Submitted to: Journal of Dairy Science
Publication Type: Peer reviewed journal
Publication Acceptance Date: 10/4/2000
Publication Date: N/A
Citation: Interpretive Summary: Feeding of diets rich in concentrates to dairy cattle increases the acidity of the rumen, which decreases the ability of rumen bacteria to digest cellulose and other types of fiber in the diet. However, the quantitative relationship between rumen pH and fiber digestion has not been established. We removed bacteria from the rumen and measured the rate at which cellulose ewas degraded as rumen pH decreased (i.e., as acidity increased). We found that the rate of cellulose digestion is not directly related to pH, but instead is highly dependent on the pH at which the fermentation was started. Rates of cellulose digestion were unexpectedly high, below pH 6.0 (the minimum pH for growth of cellulose-digesting bacteria), as long as the fermentations were begun at pH values above 6.0. By providing quantitative data relating fiber digestion to pH, this work will allow researchers to develop more mathematically accurate models of ruminant digestive metabolism. In addition, our work suggests that producers may be able to increase fiber digestion, and thus milk production, in dairy cattle by a slight, temporary increase in rumen pH at the time of feeding (for example, be adding alkaline buffers to the diet).

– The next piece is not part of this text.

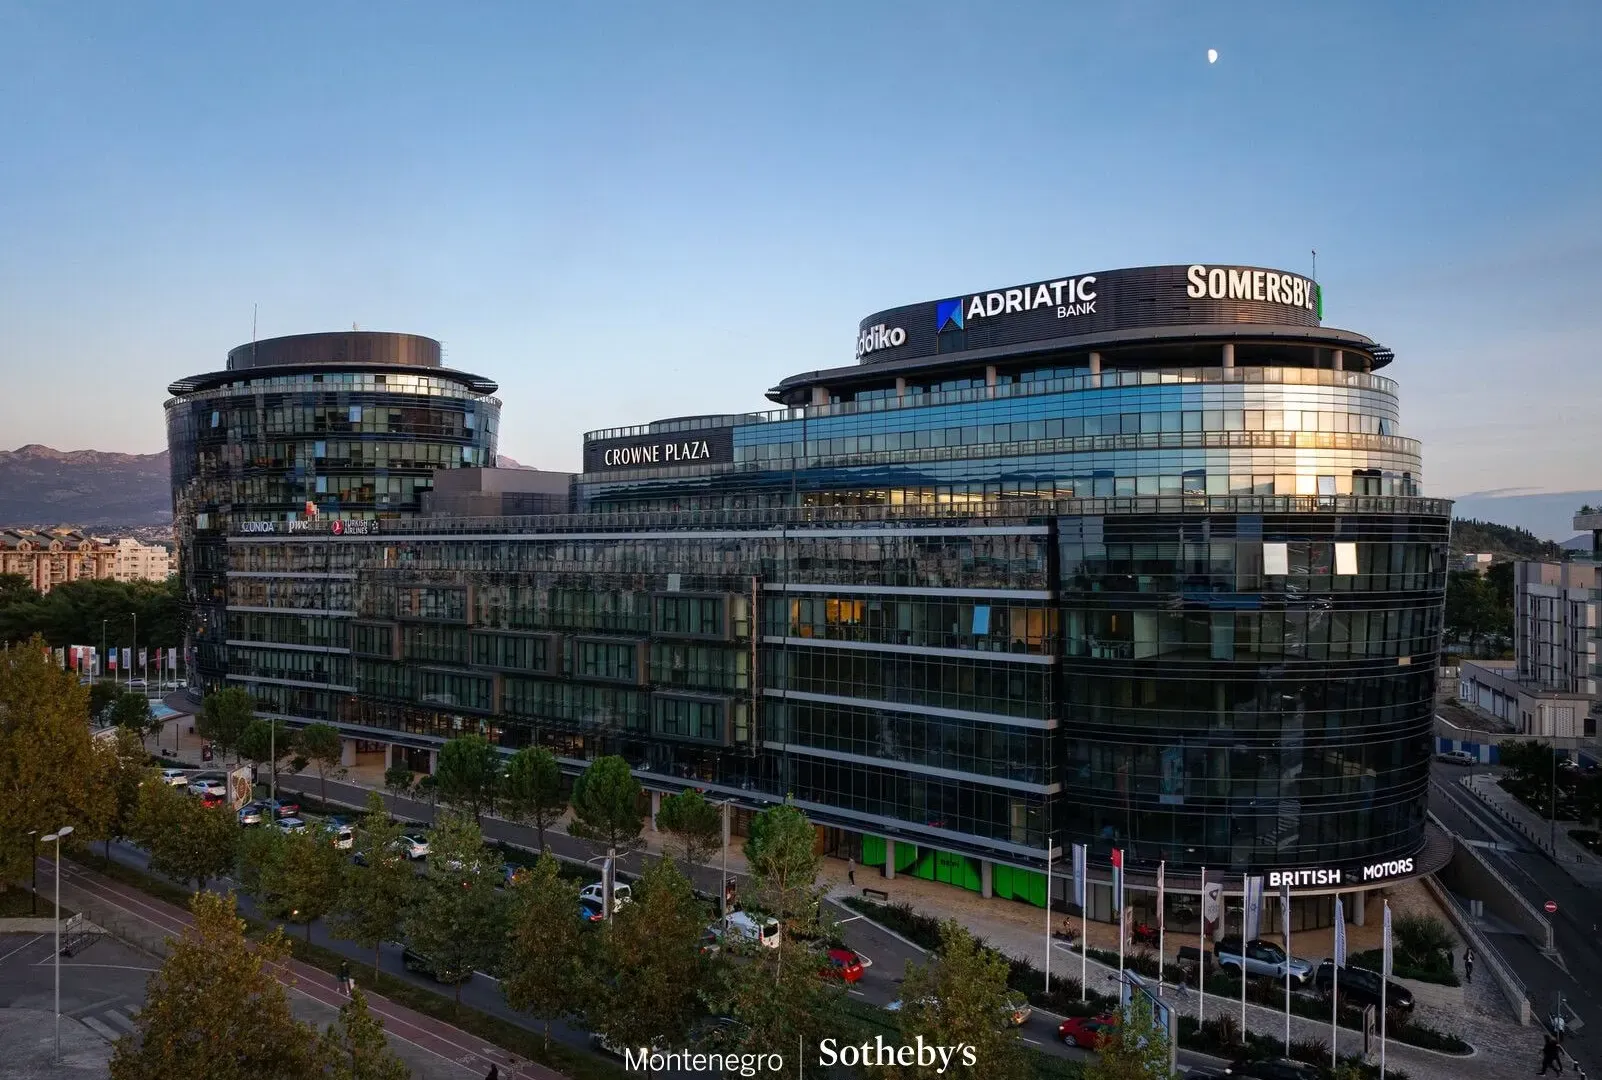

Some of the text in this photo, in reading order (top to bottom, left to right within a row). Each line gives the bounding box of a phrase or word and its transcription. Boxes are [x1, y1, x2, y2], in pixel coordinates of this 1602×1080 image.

Technical Abstract: In vitro fermentations of pure microcrystalline cellulose by mixed ruminal microorganisms were conducted at 39 oC under conditions where pH declined within ranges similar to those observed in the rumen. A ruminal inoculum concentration of 15% (vol/vol) was sufficient to establish digestion of 12.5 g cellulose/l at first-order rate constants (k) of up to 0.11 h**1. Values for k were successively lower at initial pH values of 6.86, 6.56, and 6.02, but in each case the value of k was maintained over a pH range of 0.3 to 1.2 units, as the fermentation progressed. Plots of k versus initial pH were linear, and k displayed a relative decrease of approximately 7% per 0.1 unit decrease in pH. At high cellulose concentration (50 g/l) and an initial pH of 6.8, cellulose digestion was initially zero-order, the absolute rate of digestion declined with pH, and digestion essentially ceased at pH 5.3 after only 30% of the added cellulose was digested; further incubation resulted in a loss of bound N and P, suggesting that at low pH cells lysed or detached from the undigested fibers. Adherence of mixed ruminal microorganisms prior to the start of fermentation was lower at pH 5.5 than at pH values greater than 6.0. Pure cultures of ruminal cellulolytic bacteria also were able to ferment cellulose to a minimum pH of 5.1 to 5.3, and the extent of fermentation was increased by coculture with noncellulolytic bacteria.